Triggered by `"battlecard [competitor]"` argument or as a follow-up request.

**Inputs:** Read the competitor's positioning snapshot from
`~/.nimble/memory/positioning/[name].md` and the user's own baseline from the most
recent report. If no snapshot exists (or it's stale > 14 days), run Steps 4-5 for
that competitor first, then return here.

**Output format:**

```
# Battlecard: [Your Company] vs [Competitor]
## As of [date]

### Competitor Overview
- Tagline: [verbatim]
- Primary CTA: [verbatim]
- Target audience: [who their messaging speaks to]
- Pricing model: [type and entry price if known]

### Their Key Claims
[List each value prop / differentiator they emphasize, verbatim with source URL]

### Our Counter-Positioning
[For each claim above: our response, proof points, and messaging angle]

### Feature Comparison
| Capability | Us | Them | Advantage |
|---|---|---|---|

### Where They Win (acknowledge honestly)
[Areas where their positioning is stronger or they have genuine advantages]

### Where We Win
[Our unique advantages, with evidence]

### Objection Handling
| Prospect Says | Respond With |
|---|---|

### Recommended Talking Points
[3-5 concise talking points for sales/marketing conversations]
```

---

### Step 9: Follow-ups

- **Generate battlecard** for a competitor → runs Battlecard Generation above
- **Draft counter-messaging** for a specific competitor claim → suggest alternative
  angles and proof points
- **Content calendar comparison** → map your publishing against competitors' cadence
- **Go deeper** on a competitor → extract additional pages (about, careers, partners,
  case studies)
- **Track a new competitor** → update `competitors`, create positioning snapshot
- **Skip a competitor** → update `preferences.skip_competitors`
- **"Looks good"** → done

**Sibling skill suggestions:**

> **Next steps:**
> - Run `competitor-intel` for business signals (funding, hiring, product launches)
> - Run `company-deep-dive` for a full 360 profile on any competitor
> - Run `meeting-prep` if you're meeting with someone at a competitor

---

## Agent Teams Mode (Dual-Mode)

Check at startup: `echo $CLAUDE_CODE_EXPERIMENTAL_AGENT_TEAMS`

**Team mode** (flag set):
- Use the `Agent` tool with `name:` parameter so teammates are addressable
- Teammates can use `SendMessage` to share cross-competitor patterns they discover
  (e.g., "two competitors both shifted to usage-based pricing this month")
- After all competitor teammates return, spawn a **Marketing Analyst** teammate
  with all findings as input, focused solely on content gap analysis and positioning
  white space — this separates data collection from strategic analysis
- Lead synthesizes the final cross-validated marketing briefing

**Solo mode** (flag not set):
- Standard fire-and-forget sub-agents (no `SendMessage`, no `name:`)
- All analysis happens in the main context after agents return

---

## Error Handling

See `references/nimble-playbook.md` for the standard error table (missing API key, 429,
401, empty results, extraction garbage).

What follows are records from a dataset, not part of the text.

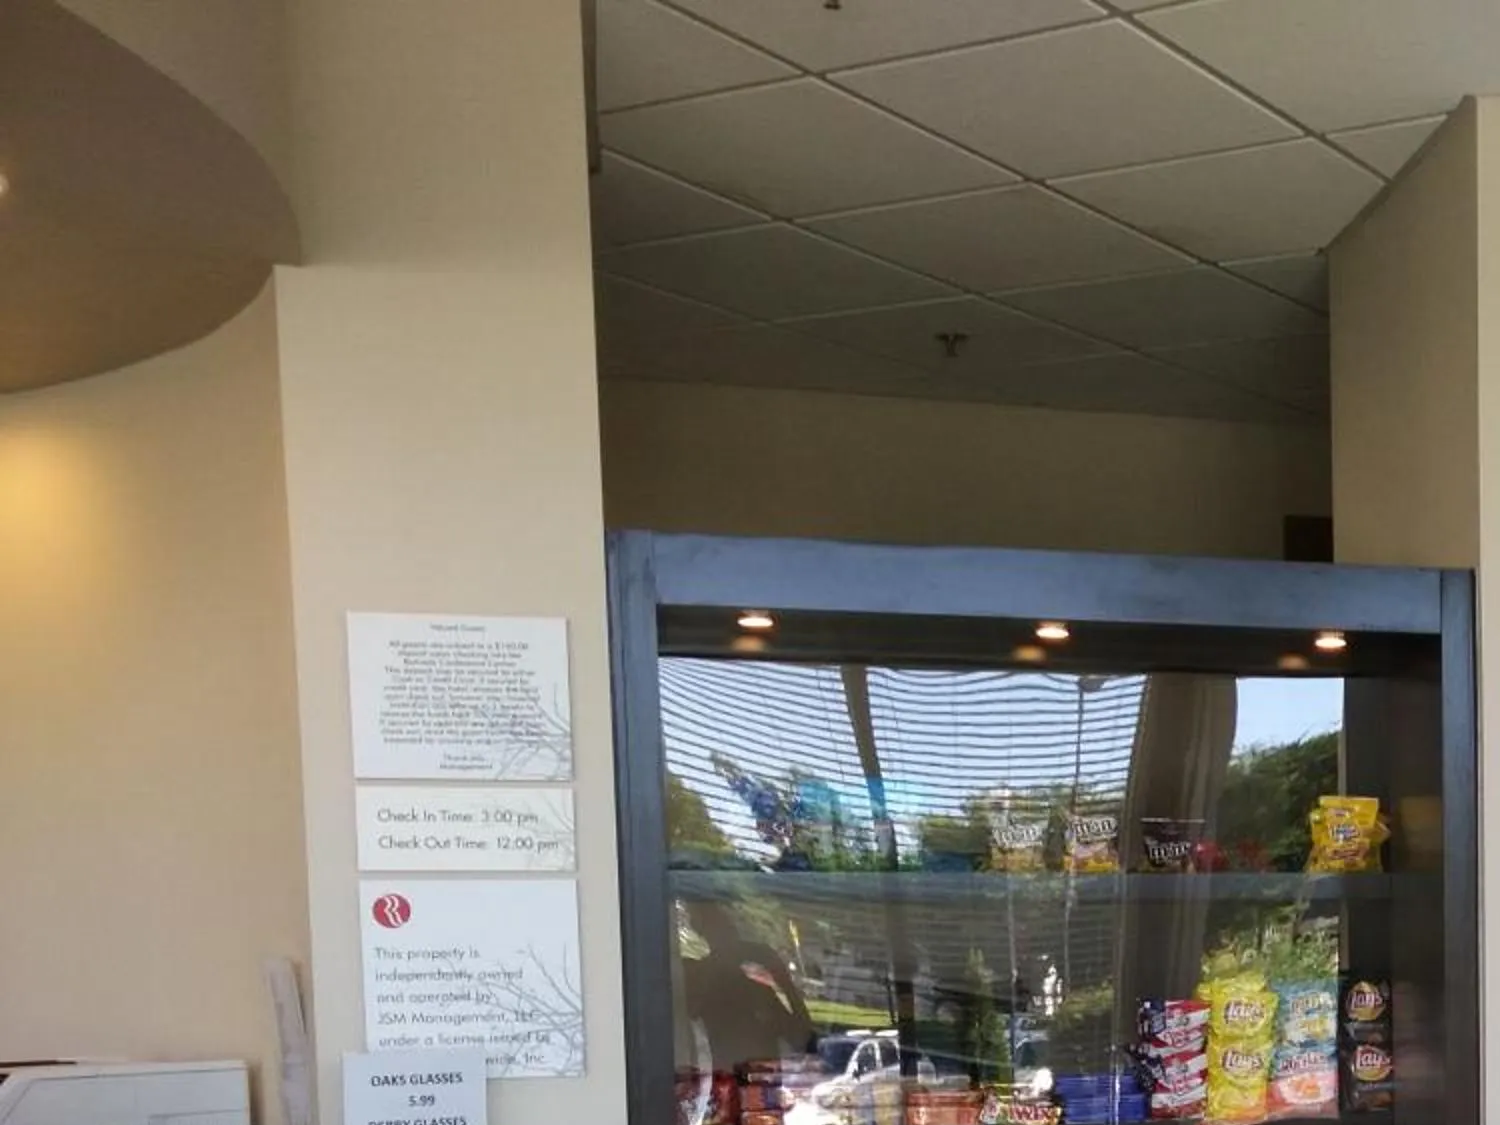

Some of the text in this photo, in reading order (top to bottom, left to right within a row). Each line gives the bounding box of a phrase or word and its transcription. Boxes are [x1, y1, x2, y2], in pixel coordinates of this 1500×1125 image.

[377, 809, 418, 823] Check
[423, 810, 437, 823] In
[518, 813, 538, 827] pm
[378, 836, 419, 850] Check
[424, 837, 451, 850] Out
[496, 836, 533, 850] 12:00
[537, 839, 559, 854] pm
[375, 946, 402, 960] This
[407, 946, 465, 963] property
[375, 967, 523, 984] independently owned
[377, 991, 405, 1004] and
[409, 991, 471, 1008] operated
[379, 1033, 420, 1047] under
[371, 1072, 463, 1088] OAKS GLASSES
[408, 1094, 435, 1107] 5.99
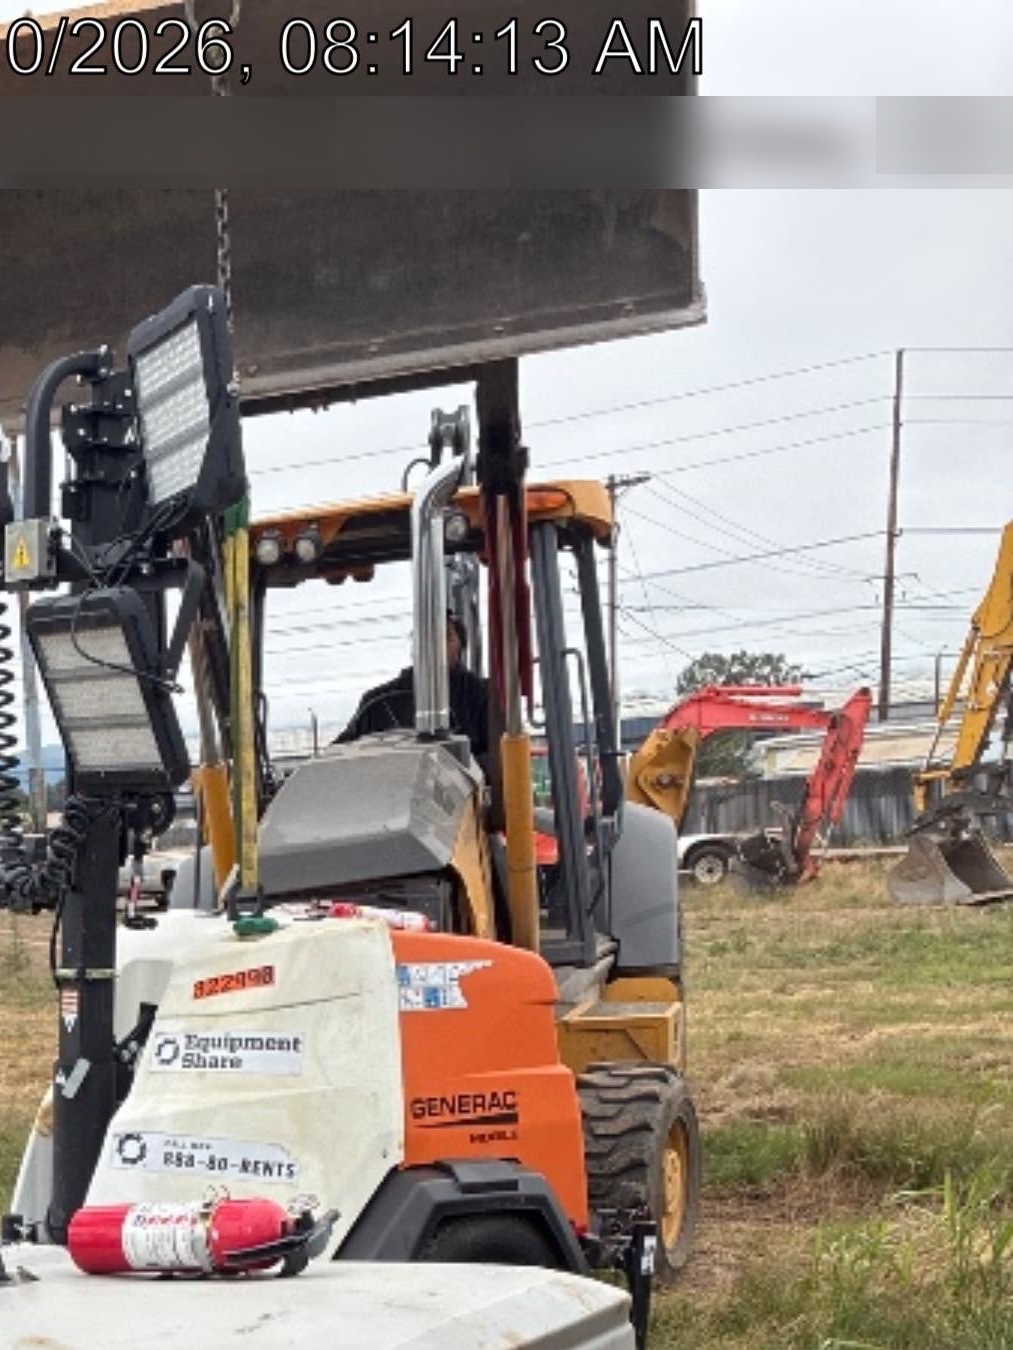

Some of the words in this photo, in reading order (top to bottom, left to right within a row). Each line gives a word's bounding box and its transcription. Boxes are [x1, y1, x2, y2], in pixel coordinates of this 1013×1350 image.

Skill-specific errors:

- **Search 500:** Retry once without `--focus` flag. If still failing, retry with a
  simplified query (shorter terms, no date filter). Log the failure but don't skip
  the competitor.
- **Search timeout:** Retry once, then skip that call and continue — consistent with
  the playbook's timeout policy.
- **Page extraction fails (404/garbage):** The map step should prevent most 404s by
  discovering actual URLs first. If extraction still fails, note "page not accessible"
  and continue — partial data is better than no data.
- **Map returns empty:** Some sites block sitemap access. Fall back to extracting
  the homepage directly and guessing common paths (/features, /pricing, /blog).
- **Empty blog results:** Some companies don't blog. Note "no active blog detected"
  and focus on page-based positioning instead.